PROBLEM DETAILS:
Using the records provided below, locate and copy each line that contains the word "TANQUE".

[Referring expression grounding data]
§ §

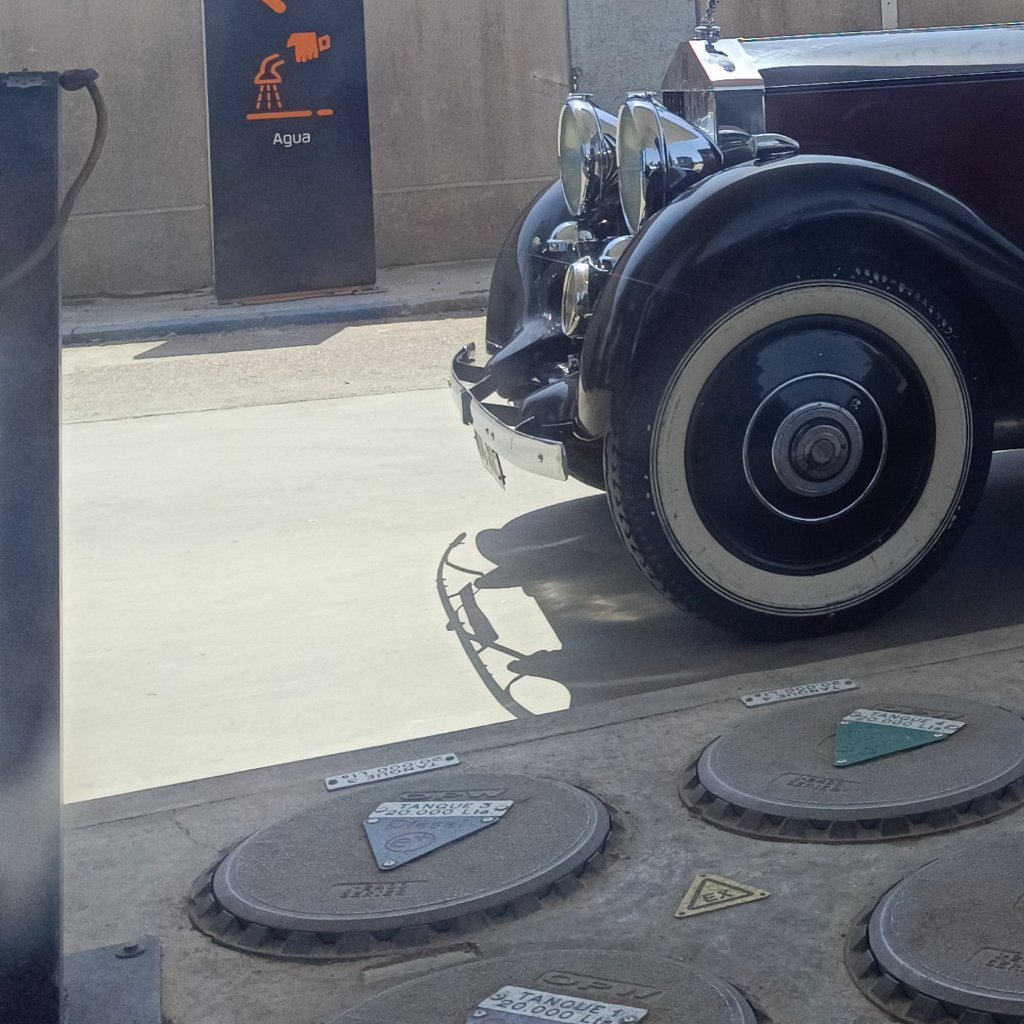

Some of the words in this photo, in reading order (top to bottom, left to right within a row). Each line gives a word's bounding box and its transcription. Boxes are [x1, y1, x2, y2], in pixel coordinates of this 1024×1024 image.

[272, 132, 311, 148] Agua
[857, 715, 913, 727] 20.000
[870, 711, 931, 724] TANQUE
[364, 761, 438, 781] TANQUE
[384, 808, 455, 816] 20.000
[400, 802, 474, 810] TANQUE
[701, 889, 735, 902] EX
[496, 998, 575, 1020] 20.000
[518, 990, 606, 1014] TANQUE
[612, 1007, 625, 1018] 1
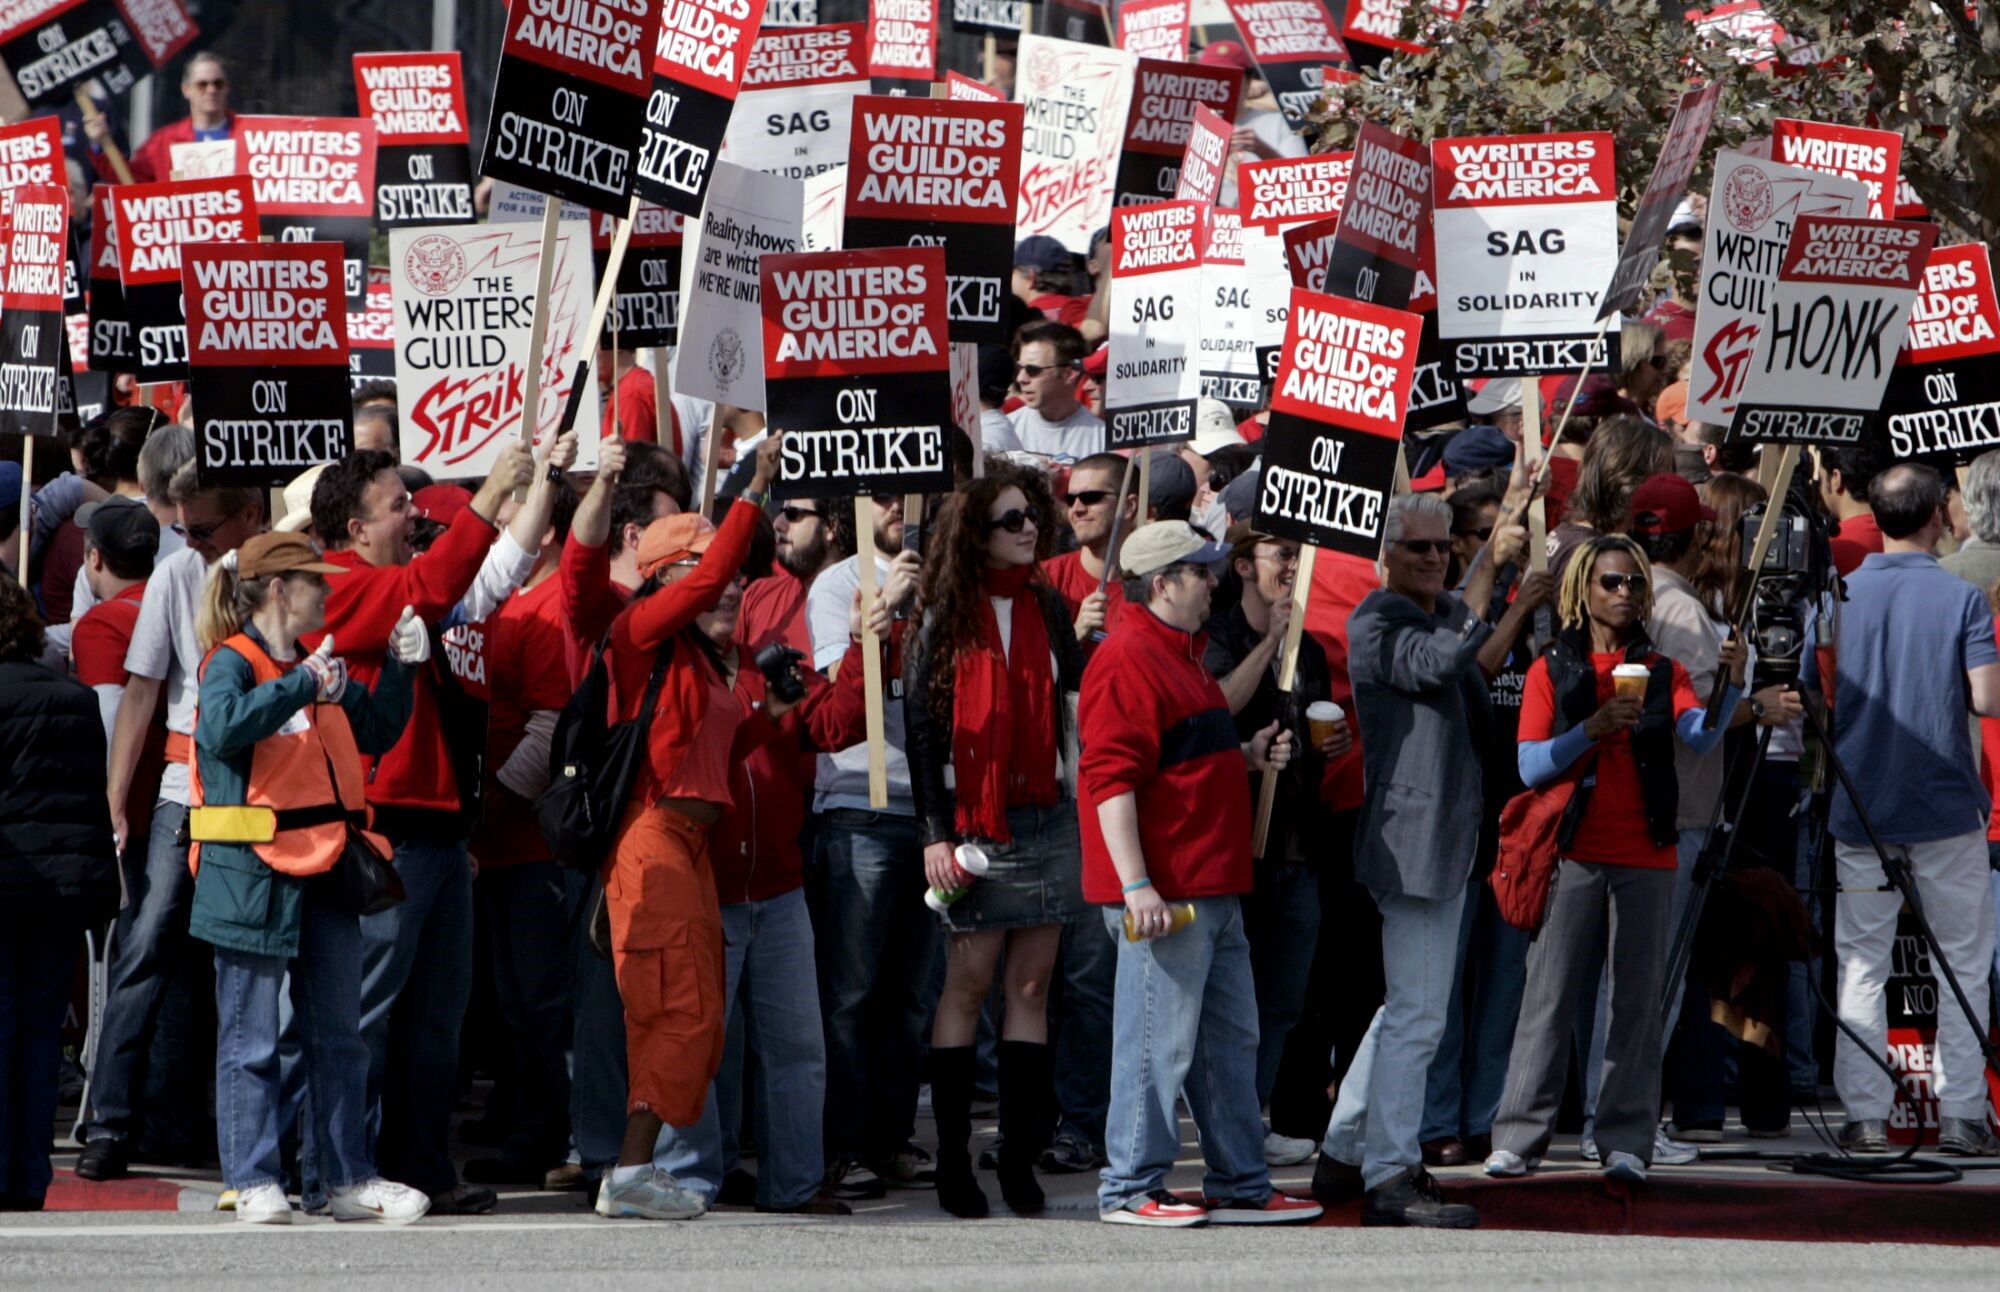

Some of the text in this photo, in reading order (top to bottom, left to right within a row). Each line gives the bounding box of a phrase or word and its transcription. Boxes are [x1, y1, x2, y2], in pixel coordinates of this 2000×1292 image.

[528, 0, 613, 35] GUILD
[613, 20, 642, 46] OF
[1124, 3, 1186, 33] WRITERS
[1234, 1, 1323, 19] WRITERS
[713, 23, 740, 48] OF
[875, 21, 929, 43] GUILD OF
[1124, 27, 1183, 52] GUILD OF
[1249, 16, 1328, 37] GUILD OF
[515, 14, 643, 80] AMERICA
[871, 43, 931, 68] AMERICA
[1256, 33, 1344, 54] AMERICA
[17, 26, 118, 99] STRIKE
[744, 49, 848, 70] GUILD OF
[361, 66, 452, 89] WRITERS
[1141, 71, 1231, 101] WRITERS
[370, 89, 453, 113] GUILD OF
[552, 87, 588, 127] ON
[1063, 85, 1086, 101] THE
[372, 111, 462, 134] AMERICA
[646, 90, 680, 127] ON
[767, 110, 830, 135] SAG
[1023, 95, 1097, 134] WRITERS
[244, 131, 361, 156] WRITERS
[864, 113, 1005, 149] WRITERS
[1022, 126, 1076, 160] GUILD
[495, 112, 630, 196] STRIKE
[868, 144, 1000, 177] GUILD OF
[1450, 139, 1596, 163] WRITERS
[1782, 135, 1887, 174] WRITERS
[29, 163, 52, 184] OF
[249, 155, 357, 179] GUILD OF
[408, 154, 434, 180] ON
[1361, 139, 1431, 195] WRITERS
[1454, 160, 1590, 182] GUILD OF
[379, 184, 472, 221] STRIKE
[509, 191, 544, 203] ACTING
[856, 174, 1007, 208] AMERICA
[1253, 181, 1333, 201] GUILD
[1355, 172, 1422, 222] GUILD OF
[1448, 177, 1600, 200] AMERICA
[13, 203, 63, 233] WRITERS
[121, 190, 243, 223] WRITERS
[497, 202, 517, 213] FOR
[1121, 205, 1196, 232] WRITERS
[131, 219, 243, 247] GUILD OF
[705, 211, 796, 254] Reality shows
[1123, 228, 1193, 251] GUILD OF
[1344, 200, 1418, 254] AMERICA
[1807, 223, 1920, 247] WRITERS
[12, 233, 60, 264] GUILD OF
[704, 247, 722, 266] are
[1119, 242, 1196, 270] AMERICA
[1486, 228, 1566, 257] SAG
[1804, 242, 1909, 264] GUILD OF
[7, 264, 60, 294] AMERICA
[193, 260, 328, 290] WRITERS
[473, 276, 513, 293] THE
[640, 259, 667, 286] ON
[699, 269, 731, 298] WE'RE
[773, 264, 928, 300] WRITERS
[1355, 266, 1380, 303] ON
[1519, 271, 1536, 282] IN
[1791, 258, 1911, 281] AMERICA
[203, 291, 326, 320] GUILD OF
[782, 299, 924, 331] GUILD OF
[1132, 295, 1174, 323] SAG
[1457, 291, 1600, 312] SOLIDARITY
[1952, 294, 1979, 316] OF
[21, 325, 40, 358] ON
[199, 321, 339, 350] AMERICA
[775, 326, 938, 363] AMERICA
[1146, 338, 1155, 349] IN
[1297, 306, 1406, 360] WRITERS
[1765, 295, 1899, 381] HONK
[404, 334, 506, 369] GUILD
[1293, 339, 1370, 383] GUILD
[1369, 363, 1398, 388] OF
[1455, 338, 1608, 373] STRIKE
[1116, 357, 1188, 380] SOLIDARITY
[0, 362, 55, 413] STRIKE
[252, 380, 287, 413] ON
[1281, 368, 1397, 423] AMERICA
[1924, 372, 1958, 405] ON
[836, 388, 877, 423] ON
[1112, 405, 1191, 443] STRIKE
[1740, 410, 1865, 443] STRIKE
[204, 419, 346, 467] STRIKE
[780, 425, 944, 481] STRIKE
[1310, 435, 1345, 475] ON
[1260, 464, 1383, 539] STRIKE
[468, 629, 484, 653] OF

§ §

WORKED SOLUTION:
[870, 711, 931, 724] TANQUE
[364, 761, 438, 781] TANQUE
[400, 802, 474, 810] TANQUE
[518, 990, 606, 1014] TANQUE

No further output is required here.